Fechas y entregas relevantes

Entre los hechos concretos que constan en la sentencia destacan:

  • Entregas registradas en diciembre de 2021 y febrero de 2022 a otros agentes.
  • Una intervención el 11 de febrero de 2022, cuando el agente fue observado recibiendo la sustancia y, minutos después, entregándola a otro comprador dentro de la cantina. La bolsa incautada pesó 0,82 gramos y presentó una pureza del 70,2%.
  • El 9 de marzo de 2022 se produjo un nuevo intercambio cercano al cuartel; poco después ambos fueron detenidos con 0,4 gramos de cocaína al 71,9% de pureza.

Pruebas, cámaras y veredictos sobre otros acusados

La sentencia recoge distintas piezas probatorias y, al mismo tiempo, deja sin demostrar la participación de otra persona investigada: un segundo agente que llegó a ser procesado fue finalmente absuelto por falta de pruebas sobre su implicación. En paralelo, el tribunal obvió en su valor probatorio las grabaciones de una cámara instalada en la cantina por la propia Guardia Civil, pese a que la entidad había manifestado sospechas sobre actividad relacionada con el tráfico de droga en ese espacio.

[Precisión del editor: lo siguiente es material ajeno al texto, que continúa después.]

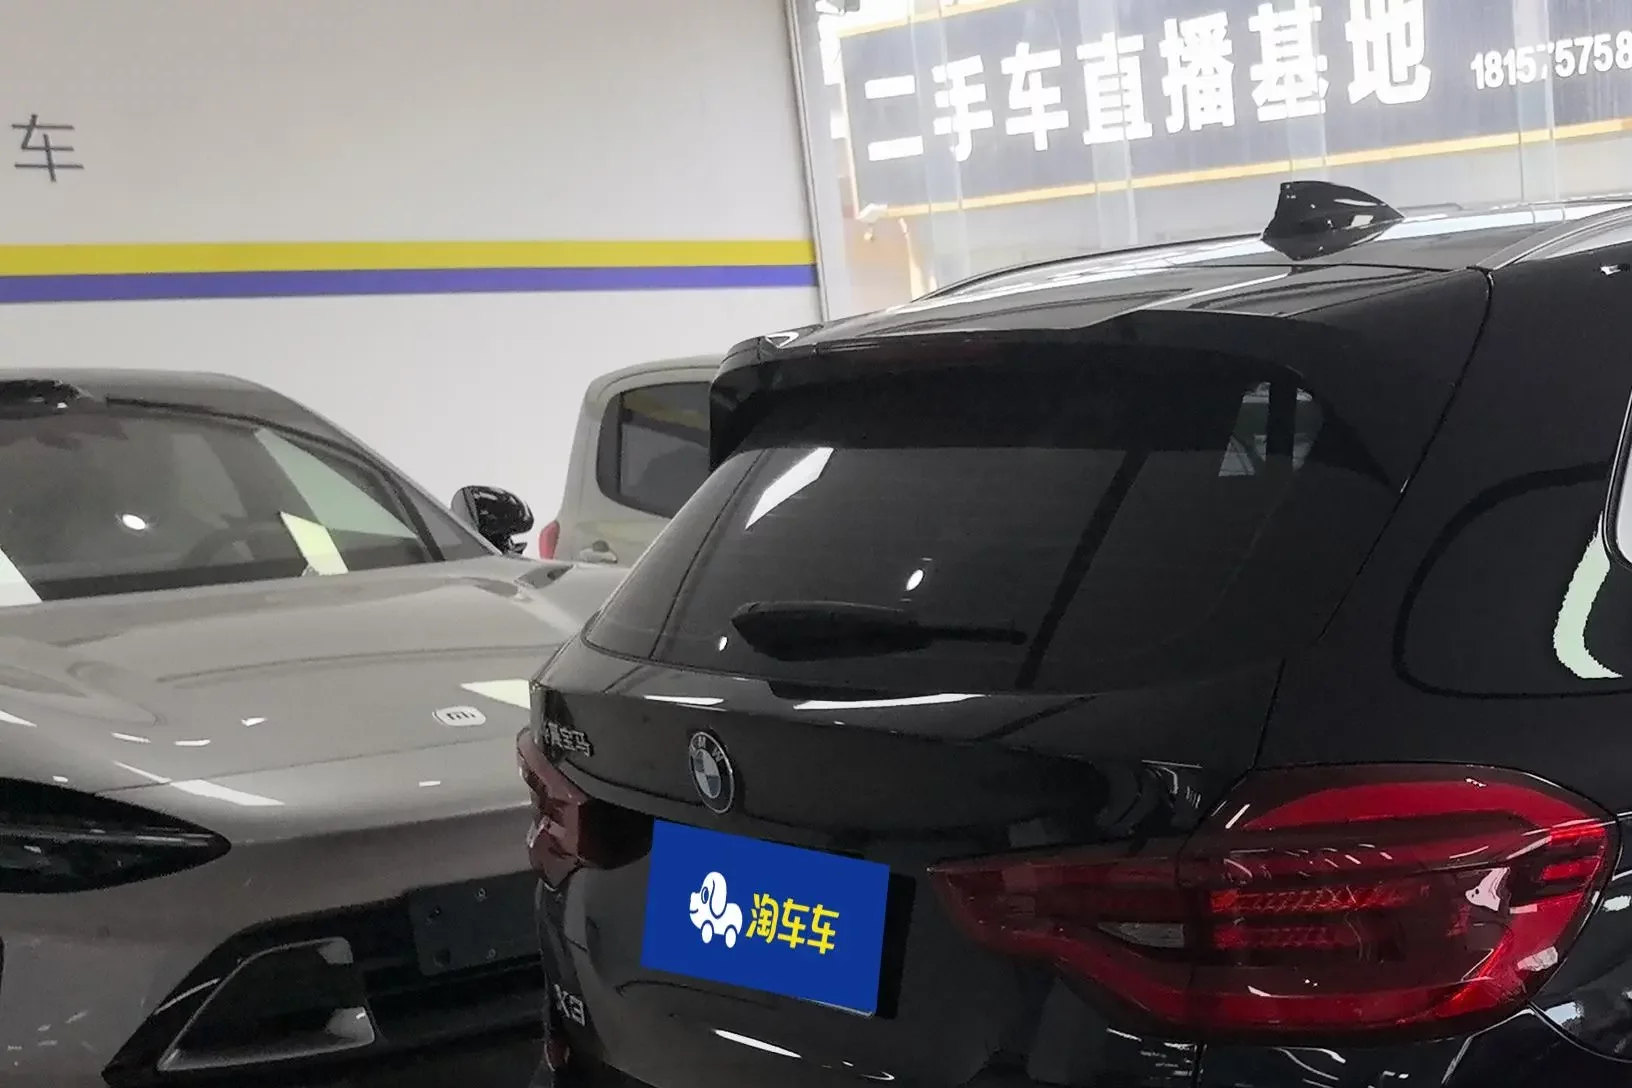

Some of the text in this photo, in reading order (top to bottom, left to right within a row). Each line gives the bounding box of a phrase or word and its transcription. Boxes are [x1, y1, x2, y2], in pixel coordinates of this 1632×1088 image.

[864, 0, 1432, 162] 二手车直播基地
[10, 113, 85, 183] 车
[553, 983, 586, 1027] X3

Medidas accesorias y peticiones de la acusación

Además de la pena privativa de libertad, la resolución incorpora la incautación de los elementos vinculados al tráfico y la actividad ilícita:

  • Droga intervenida
  • Dinero en efectivo
  • Teléfonos móviles usados en la cadena de suministro
  • Vehículo empleado para el transporte de estupefacientes

La fiscalía solicitó asimismo que se investigue la posible comisión de un delito de falso testimonio por parte de varios guardias civiles citados como testigos en el juicio y que negaron haber comprado cocaína a su excompañero.

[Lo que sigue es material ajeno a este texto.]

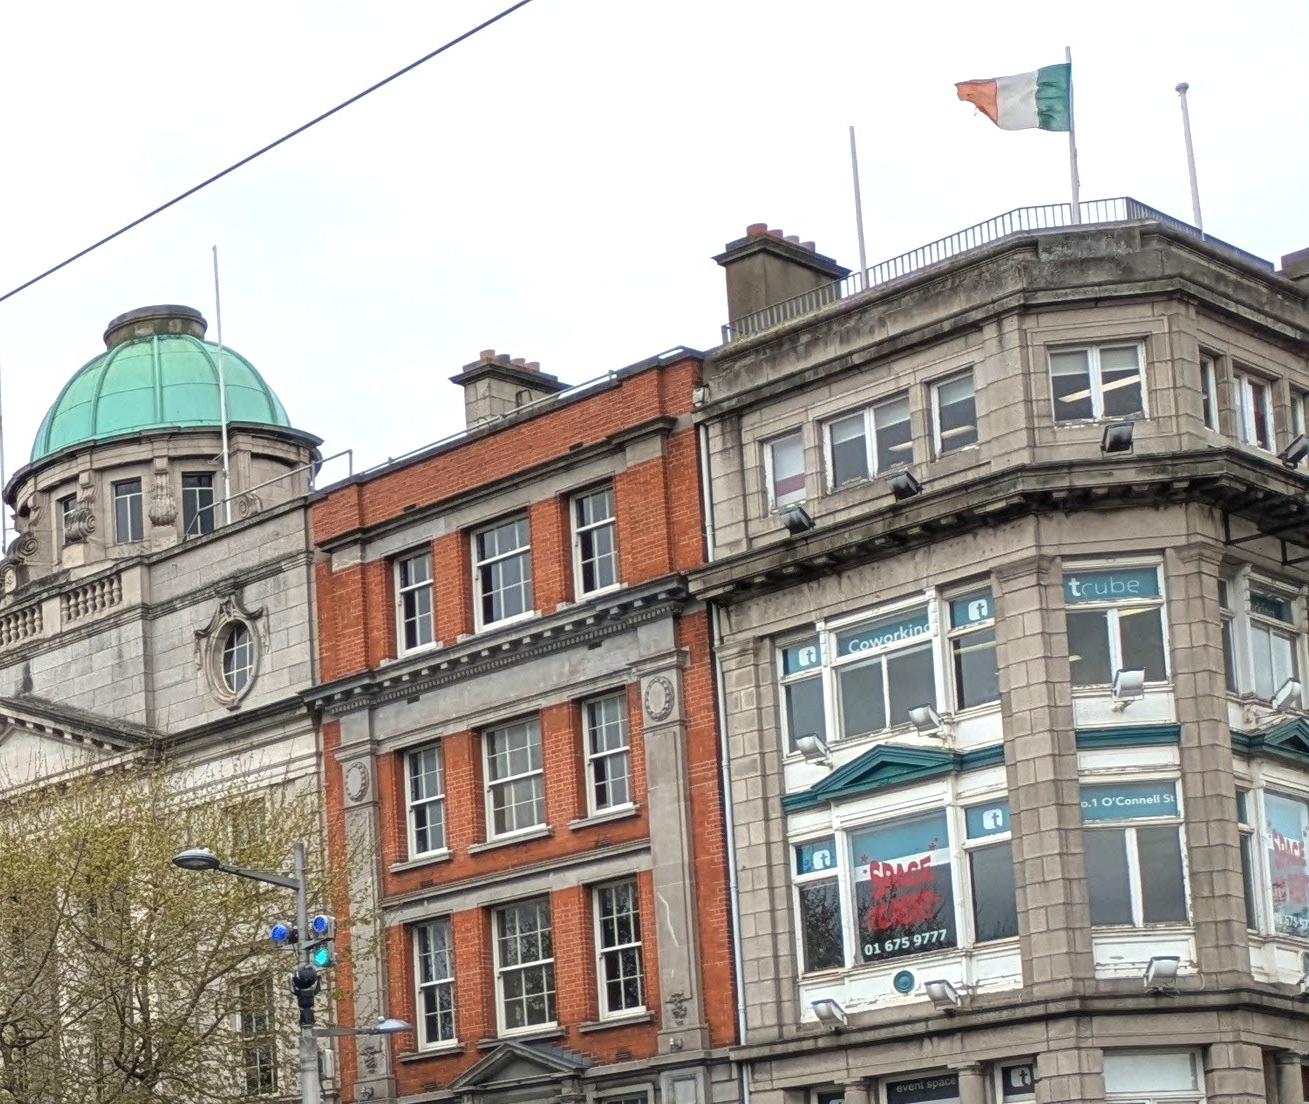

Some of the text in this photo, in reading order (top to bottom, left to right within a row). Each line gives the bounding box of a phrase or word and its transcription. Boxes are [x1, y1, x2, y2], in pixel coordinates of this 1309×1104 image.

[1080, 794, 1175, 808] o.1 O'Connell St
[864, 929, 948, 956] 01 675 9777

Quiénes lideraron la investigación

La pesquisa fue desarrollada por la unidad orgánica de la policía judicial del propio acuartelamiento de la Guardia Civil en Melilla. Los agentes responsables reconstruyeron las comunicaciones y los encuentros que permitieron atribuir las entregas al binomio condenado, y facilitaron las intervenciones que desembocaron en las detenciones y en la incautación de las pequeñas cantidades de cocaína encontradas en febrero y marzo de 2022.